> _About this exercise_
The records that follow are to be transcribed in full, without their images.

> _Dataset entries_
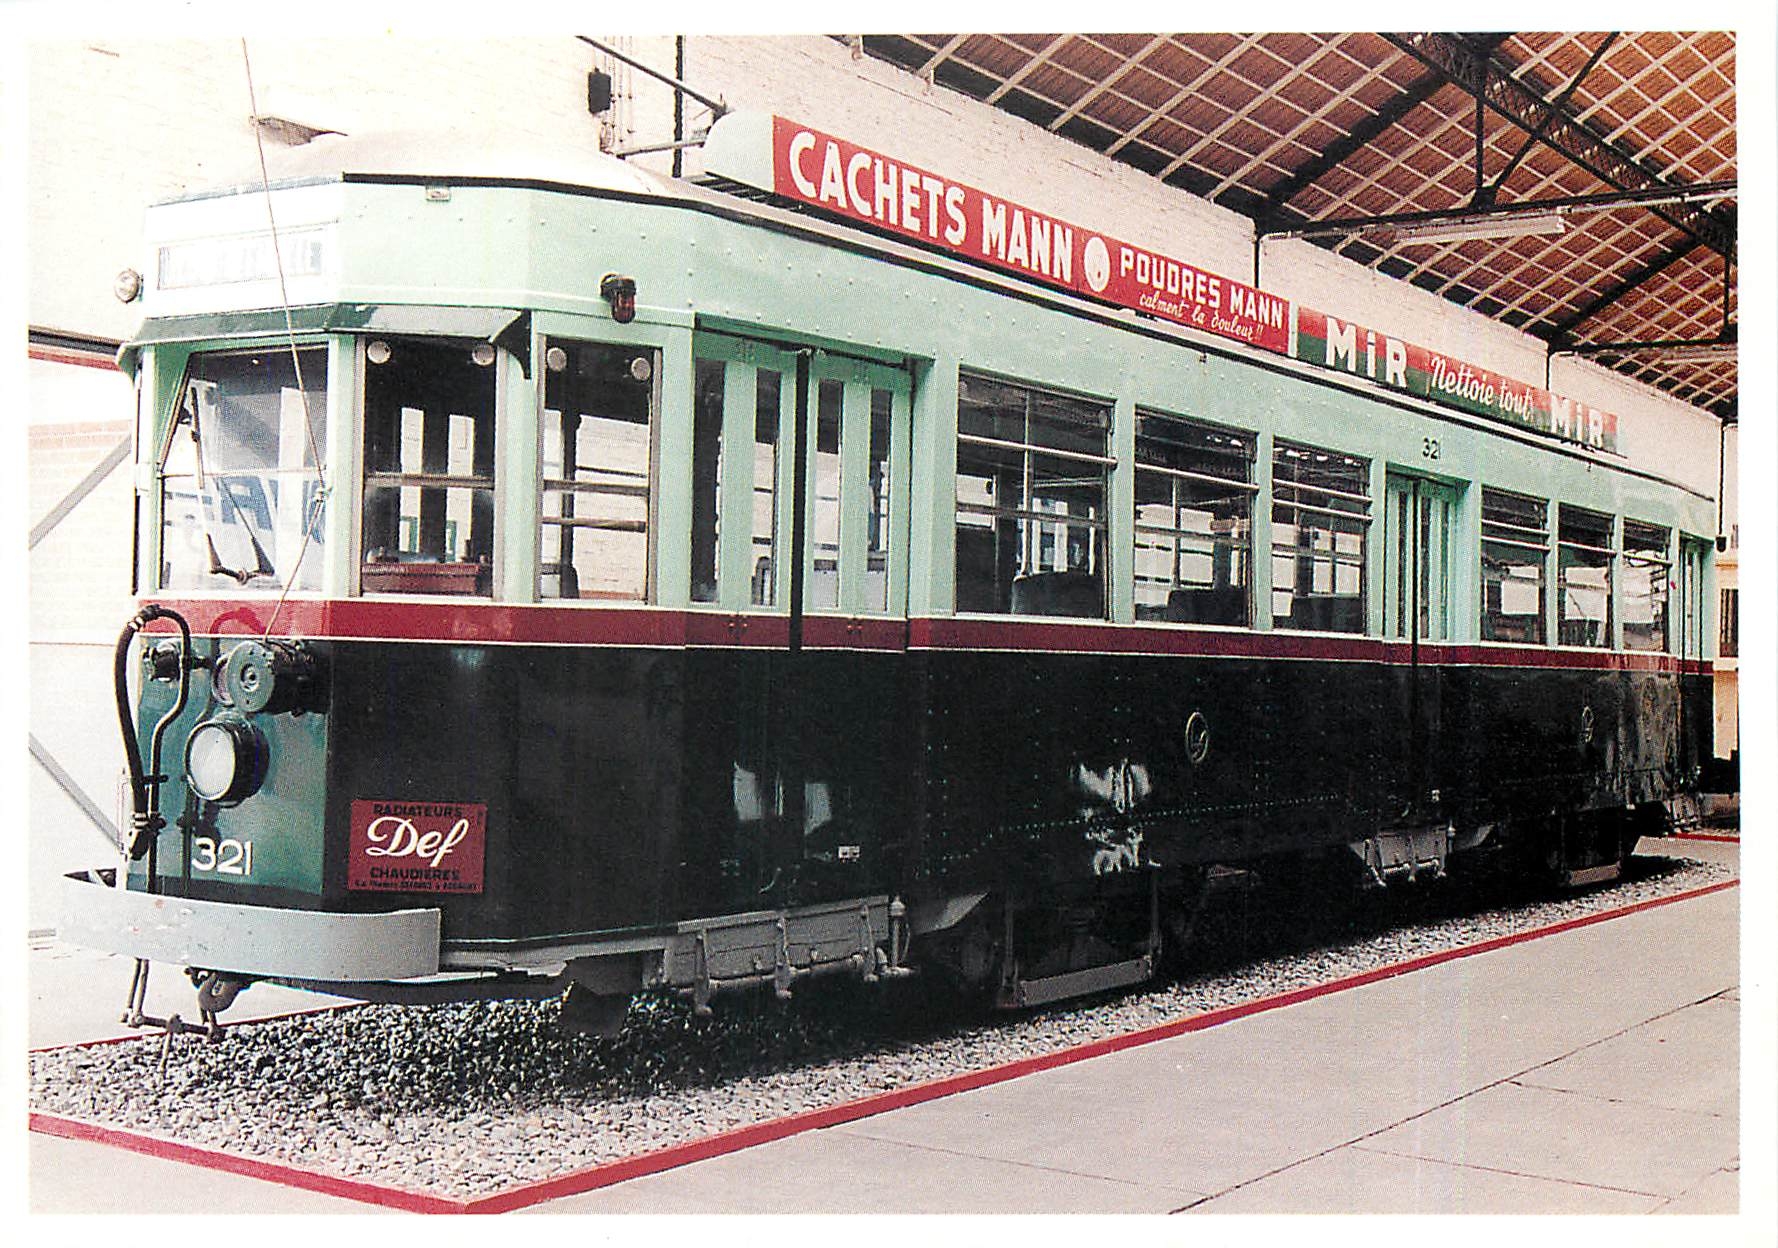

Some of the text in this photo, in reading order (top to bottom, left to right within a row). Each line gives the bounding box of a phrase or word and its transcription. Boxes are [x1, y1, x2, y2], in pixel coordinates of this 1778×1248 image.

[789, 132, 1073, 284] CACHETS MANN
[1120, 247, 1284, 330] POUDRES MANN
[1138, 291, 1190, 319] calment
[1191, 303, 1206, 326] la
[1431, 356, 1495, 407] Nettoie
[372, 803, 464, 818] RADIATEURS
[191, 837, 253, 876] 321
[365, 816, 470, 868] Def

> _Answer space_
Some of the text in this photo, in reading order (top to bottom, left to right within a row). Each line gives the bounding box of a phrase or word and its transcription. Boxes are [x1, y1, x2, y2], in pixel coordinates of this 1778×1248 image.

[789, 132, 1073, 284] CACHETS MANN
[1120, 247, 1284, 330] POUDRES MANN
[1138, 291, 1190, 319] calment
[1191, 303, 1206, 326] la
[1431, 356, 1495, 407] Nettoie
[372, 803, 464, 818] RADIATEURS
[191, 837, 253, 876] 321
[365, 816, 470, 868] Def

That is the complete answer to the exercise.